La diferencia es importante. De acuerdo con Source New Mexico, Trump no ha firmado ninguna orden ejecutiva para cambiar el nombre de Nuevo México. La publicación presidencial surgió después de que circulara en redes una afirmación satírica que aseguraba falsamente que ya había sido emitida una orden para realizar el cambio. El sitio de verificación Snopes también desmintió esa versión.
La reacción de autoridades de Nuevo México fue inmediata. El senador Martin Heinrich recordó que seguirá utilizando los nombres históricos de Nuevo México, el Golfo de México y el lago Ontario, mientras que el senador Ben Ray Luján sostuvo que el estado siempre ha sido y seguirá siendo Nuevo México.
La gobernadora Michelle Lujan Grisham también rechazó la propuesta. Según reportó Source New Mexico, afirmó que el nombre del estado no está sujeto a debate y recordó que su denominación existe desde antes de la creación de Estados Unidos.
La representante federal Melanie Stansbury fue todavía más contundente al defender el nombre de la entidad y su significado histórico para sus habitantes. El congresista Gabe Vasquez, por su parte, sostuvo que nadie puede borrar el nombre, la historia ni la cultura de Nuevo México.

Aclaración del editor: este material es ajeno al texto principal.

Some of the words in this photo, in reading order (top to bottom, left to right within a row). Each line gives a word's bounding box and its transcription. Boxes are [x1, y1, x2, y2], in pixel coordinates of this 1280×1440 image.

Y es que el nombre del estado no es un detalle menor. Nuevo México forma parte de una tradición histórica que se remonta a la época de la exploración y colonización española en Norteamérica. La denominación “Nuevo México” antecede por siglos a la incorporación del territorio a Estados Unidos y a su posterior ingreso como estado de la Unión en 1912.
Por esa razón, la propuesta de Trump fue interpretada por sus críticos como algo más que una ocurrencia gráfica. Para algunos funcionarios y habitantes, tocar el nombre supone intentar alterar una referencia histórica profundamente arraigada en la identidad regional.

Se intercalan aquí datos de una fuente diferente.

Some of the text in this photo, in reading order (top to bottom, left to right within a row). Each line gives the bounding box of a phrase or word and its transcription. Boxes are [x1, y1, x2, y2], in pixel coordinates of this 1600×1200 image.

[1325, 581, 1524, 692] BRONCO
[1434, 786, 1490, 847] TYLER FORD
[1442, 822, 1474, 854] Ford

La polémica ocurre, además, después de otras modificaciones impulsadas por Trump. En 2025, el mandatario ordenó que el Gobierno federal estadounidense utilizara “Gulf of America” en lugar de “Gulf of Mexico” para referirse al Golfo de México en sus documentos y comunicaciones oficiales.
Más recientemente, Trump firmó una orden ejecutiva para que el Gobierno federal utilizara “Lake America” en lugar de Lake Ontario. El documento publicado por la Casa Blanca ordenó actualizar el Sistema de Información de Nombres Geográficos de Estados Unidos para reflejar la nueva denominación en el ámbito federal.

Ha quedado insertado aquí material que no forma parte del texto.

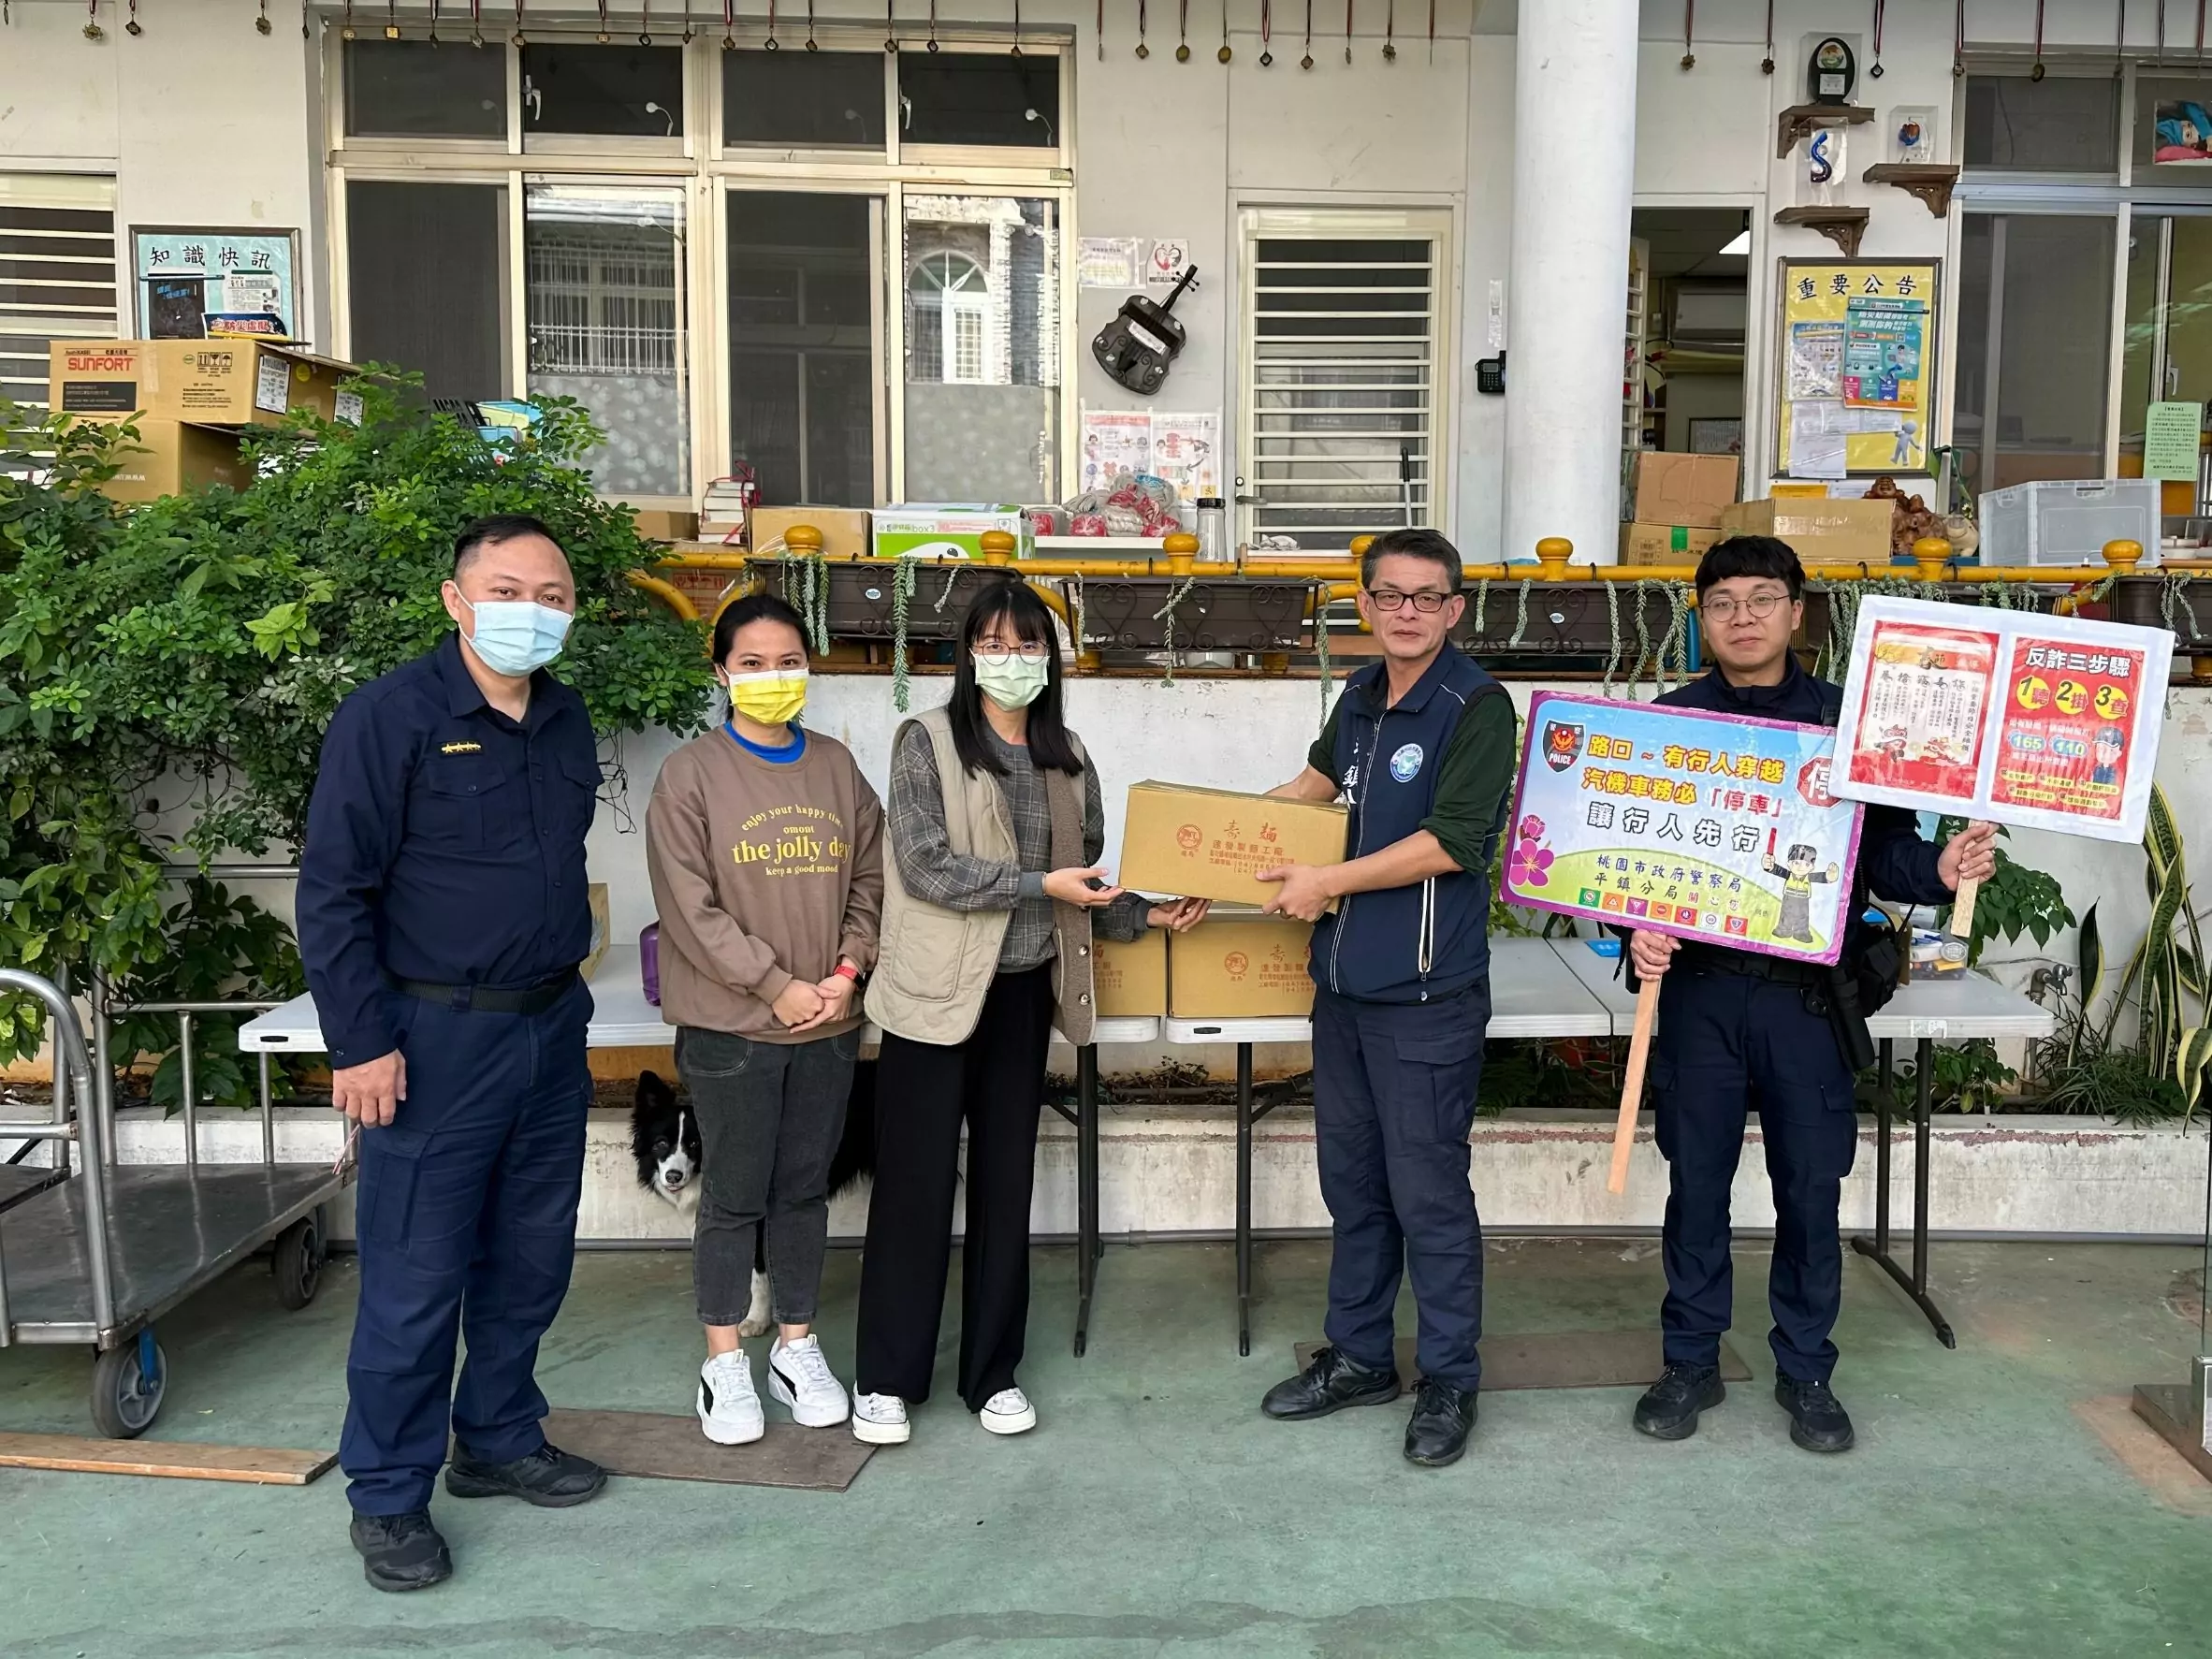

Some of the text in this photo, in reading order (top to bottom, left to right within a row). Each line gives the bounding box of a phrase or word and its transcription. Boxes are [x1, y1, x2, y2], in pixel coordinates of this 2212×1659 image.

Ese cambio también generó rechazo en Canadá y en Estados Unidos. Reuters informó que Google y Apple modificaron la denominación para usuarios estadounidenses, mientras que en Canadá se mantuvo el nombre de Lake Ontario. La diferencia refleja los límites territoriales de este tipo de decisiones: una administración puede establecer denominaciones para uso federal estadounidense, pero no imponerlas automáticamente al resto del mundo.
El caso de Nuevo México es todavía más complicado. A diferencia de un accidente geográfico administrado mediante registros federales, el nombre de un estado no puede ser cambiado unilateralmente por el presidente de Estados Unidos mediante una simple orden ejecutiva.
La publicación de Trump, por ahora, debe entenderse como una propuesta o provocación política y no como un cambio oficial. El Economista también señaló que no existe actualmente un procedimiento formal anunciado para sustituir el nombre de Nuevo México por “New America”.
El episodio vuelve a colocar sobre la mesa una característica cada vez más visible de la comunicación política de Trump: el uso de símbolos, mapas y nombres como herramientas para reforzar su discurso nacionalista. En esta ocasión, sin embargo, la reacción encontró un límite claro en quienes consideran que el nombre de su estado forma parte de una historia que no puede borrarse con una publicación en redes sociales.